Он единственный никогда не делал коммунальных уборок, не выносил помойного ведра, не платил за общественную электроэнергию и даже не боялся напачкать в уборной. А когда Липка однажды после него шмыгнула в сортир, чтобы проверить, он запер ее на щеколду с пожеланием: «Просрись, сука!» И она сидела там паинькой, пока он не соблаговолил ее выпустить, а потом даже не осмелилась скандалить.

Он единственный свободно пользовался коммунальной кухней, не боялся оставлять там кастрюлю с супом, хлеб и соль. Животный ужас, который он внушал волчатам, невозможно было даже как следует объяснить.

На его кухонном столе громоздились горы пустых консервных банок, которые он хранил для червей, а также целые вороха клочков грязной бумаги, которыми он пользовался вместо тряпок и полотенец. Над этими нечистотами роились тучи мух, но никто не смел сделать ему замечание.

По утрам он принимал водные процедуры, для чего грел на плите громадный закоптелый чайник и вместе с ним удалялся в разгромленную ванную, где долго плескался, совершенно голый, при открытых дверях, и если забывал в своей комнате полотенце или белье, то в таком же виде шествовал через весь коридор. Встречные с визгом разбегались, он же не обращал на них внимания. Пока он плескался в ванной или готовил себе пищу на кухне, дверь его комнаты была распахнута настежь — так он проветривал свое помещение. В этом логове царил смрад и мрак запустения, на всех предметах громоздились высокие кучи старых пожелтелых газет, пол был заставлен пустыми банками и бутылками, и смердило оттуда чудовищно.

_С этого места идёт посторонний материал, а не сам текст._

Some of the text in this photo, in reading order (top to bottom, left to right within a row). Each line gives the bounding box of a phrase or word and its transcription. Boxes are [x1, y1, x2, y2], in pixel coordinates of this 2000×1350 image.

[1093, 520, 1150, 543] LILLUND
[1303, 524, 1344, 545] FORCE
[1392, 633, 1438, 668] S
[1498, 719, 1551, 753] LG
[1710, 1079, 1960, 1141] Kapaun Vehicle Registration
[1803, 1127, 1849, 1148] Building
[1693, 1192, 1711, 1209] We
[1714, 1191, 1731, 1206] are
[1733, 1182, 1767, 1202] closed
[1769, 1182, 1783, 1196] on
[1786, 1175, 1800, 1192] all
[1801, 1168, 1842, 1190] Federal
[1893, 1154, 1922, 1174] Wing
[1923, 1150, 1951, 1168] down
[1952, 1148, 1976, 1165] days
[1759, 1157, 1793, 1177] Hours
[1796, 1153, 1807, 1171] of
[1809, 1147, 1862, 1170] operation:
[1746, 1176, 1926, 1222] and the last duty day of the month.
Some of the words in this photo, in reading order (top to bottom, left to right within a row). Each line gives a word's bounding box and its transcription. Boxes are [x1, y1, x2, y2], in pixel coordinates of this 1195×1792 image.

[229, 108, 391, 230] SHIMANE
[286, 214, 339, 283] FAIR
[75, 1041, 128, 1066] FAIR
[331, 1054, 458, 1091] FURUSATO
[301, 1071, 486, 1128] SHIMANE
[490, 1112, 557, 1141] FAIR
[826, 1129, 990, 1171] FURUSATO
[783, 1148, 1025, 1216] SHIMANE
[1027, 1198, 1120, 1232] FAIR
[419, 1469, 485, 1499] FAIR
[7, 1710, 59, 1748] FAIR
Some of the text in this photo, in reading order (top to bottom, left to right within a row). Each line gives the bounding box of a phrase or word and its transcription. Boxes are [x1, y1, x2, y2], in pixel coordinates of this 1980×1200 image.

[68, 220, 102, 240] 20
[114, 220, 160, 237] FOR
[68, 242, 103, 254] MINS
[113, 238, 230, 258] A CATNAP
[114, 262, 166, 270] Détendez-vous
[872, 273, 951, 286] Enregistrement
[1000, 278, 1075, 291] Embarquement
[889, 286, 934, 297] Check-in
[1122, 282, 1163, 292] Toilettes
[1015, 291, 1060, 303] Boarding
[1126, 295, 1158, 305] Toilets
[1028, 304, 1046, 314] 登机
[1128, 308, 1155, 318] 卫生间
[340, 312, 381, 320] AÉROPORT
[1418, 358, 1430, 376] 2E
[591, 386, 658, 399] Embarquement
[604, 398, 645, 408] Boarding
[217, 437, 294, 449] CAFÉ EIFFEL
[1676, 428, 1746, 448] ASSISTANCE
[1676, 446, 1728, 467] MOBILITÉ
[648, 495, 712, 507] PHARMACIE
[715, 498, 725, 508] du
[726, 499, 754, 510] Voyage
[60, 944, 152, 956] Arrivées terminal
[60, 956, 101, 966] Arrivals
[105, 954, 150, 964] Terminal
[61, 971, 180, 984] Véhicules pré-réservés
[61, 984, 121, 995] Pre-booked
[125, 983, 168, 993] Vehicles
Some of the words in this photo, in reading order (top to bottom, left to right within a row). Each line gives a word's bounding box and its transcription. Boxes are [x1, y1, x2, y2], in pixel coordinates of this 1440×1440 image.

Однажды я была свидетелем, как один из приблудных волчат сунул нос в пещеру и был тут же пойман с поличным. Не знаю, каким чутьем наш ящер унюхал диверсию, но он стремительно выскочил из ванной. Громоздкая голая тень метнулась мне наперерез, и я невольно обратила внимание, что все его тело покрыто ровным коричневым загаром, — как видно, он был нудистом. Я испуганно юркнула в свою комнату, однако успела заметить, как, ухватив за шкирку несчастного пацана, ящер поволок его в свою пещеру и закрыл дверь на ключ. Мне показалось, что жертва при виде голого ящера просто потеряла сознание от ужаса, потому что, сколько я ни прислушивалась, никаких признаков борьбы или скандала из зловонной пещеры не доносилось. Не исключено, что открытая настежь дверь была своего рода западней, ловушкой для глупых жертв. В смятении я моталась по коридору, но мне так и не удалось дождаться момента, когда же наш ящер выпустил свою жертву. Похоже, он схавал ее целиком.

На другой день я осторожно наблюдала за ним, и он засек мой пытливый взгляд, подкараулил в коридоре и преградил дорогу.

— Видела? — спросил он.

— Видела, — призналась я, почему-то не в силах отвести от него взгляда. Он сделал из пальцев вилку и ткнул мне в глаза. Лицо его полыхнуло такой лютой яростью, что меня точно ударом тока шарахнуло об стенку, где я и осталась стоять, будто пришпиленная к ее шершавой поверхности.

Тогда я впервые постигла всю меру его ярости, и она ужаснула меня, но в то же время почему-то восхитила. Я прекрасно понимаю, что злобу и ненависть никак нельзя считать качествами положительными, но снисхождение мое тоже иссякло. В этом блеющем стаде парнокопытных, наследных алкашей, деградантов, слабоумных дистрофиков, начисто потерявших собственное лицо со всеми его качествами и свойствами, как положительными, так и отрицательными, трезвая злоба — явление уже уникальное. Каждый народ заслужил своих палачей.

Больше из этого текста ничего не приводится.